Exploratory Analysis

Note that this section has not really been changed since milestone 2. Some of the analysis contained avoidable bias, and we decided to have a different approach in the later sections of the notebook (Stats per country). We have left some parts of the code that is still relevant (import - export) and we have removed what was not interesting anymore.

Import - Export

As a first analysis, we will try to visualize which countries import and export, for the main countries in the dataset.

Now let's get the destination and origin countries for the products, and try to first visualize which are the top destination countries:

In [31]:
dest_count = df_with_countries['countries_en'].value_counts()

We plot below the top-25 destination countries. Note that since France has a significantly higher number of products (this is a french dataset), we also plot in the log scale.

In [32]:
#Create subplots
f, (ax1, ax2) = plt.subplots(1, 2, figsize=(20, 7))

#Plot the count of the products for each destination country
dest_count[:25].plot(kind='barh', color='orange', ax=ax1)
ax1.set_xlabel('Number of products')

#Plot again in log scale
dest_count[:25].plot(kind='barh', color='orange', ax=ax2, log=True)
ax2.set_xlabel('Number of products')

f.suptitle('Number of products in the dataset, per country')
plt.show()

Not surprinsingly, the top countries are mainly those from Europe (again, the dataset focuses a lot on France and Europe), but we can also see the US, Canada and Mexico for example.

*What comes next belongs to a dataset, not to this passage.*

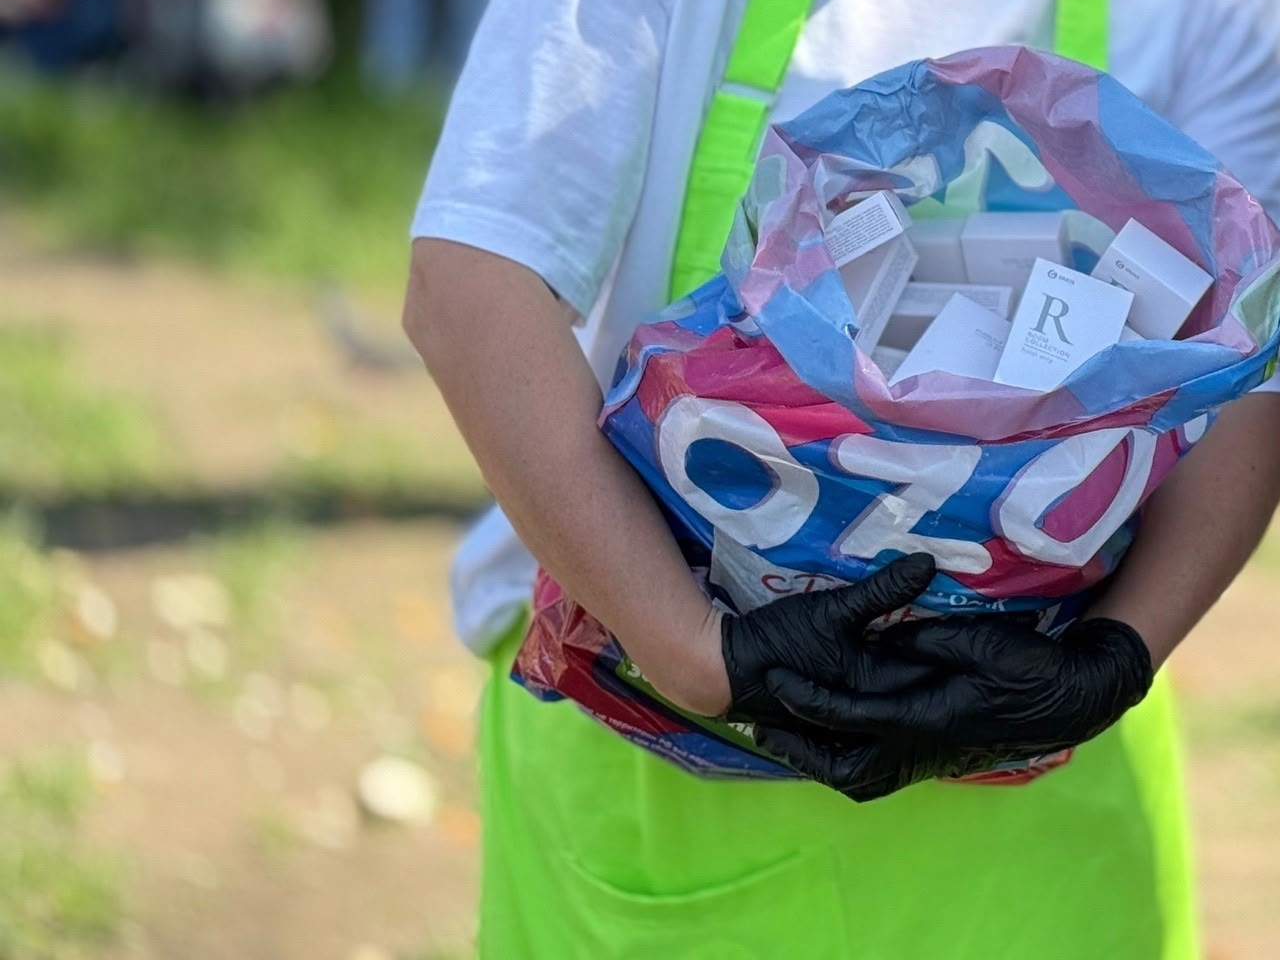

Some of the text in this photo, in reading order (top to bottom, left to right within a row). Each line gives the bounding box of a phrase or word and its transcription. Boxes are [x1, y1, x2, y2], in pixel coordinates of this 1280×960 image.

The analysis below was the one performed in Milestone 2, and we kept in the notebook the visualization with heatmaps. Note that later, we will present the new analysis, which is more accurate-

We decided to focus our analysis on the countries that have the most products in their inventory, so that we can do the analysis on countries that have the most data points.

So we will keep those top countries, and we will do the analyses on the first 15 of them. This will also help for the current visualizations that are mostly in bar charts (impossible to read if there are too many countries).

In [33]:
top_15 = df_with_origins['countries_en'].value_counts()[:15].index

Here, we will visualize the origins and destinations, for the top 15 countries in the destinations. We chose to represent this information as a heatmap. For each pair of countries, we compute the number of food products for that pair and add one to the corresponding cell in a matrix representing those pairs.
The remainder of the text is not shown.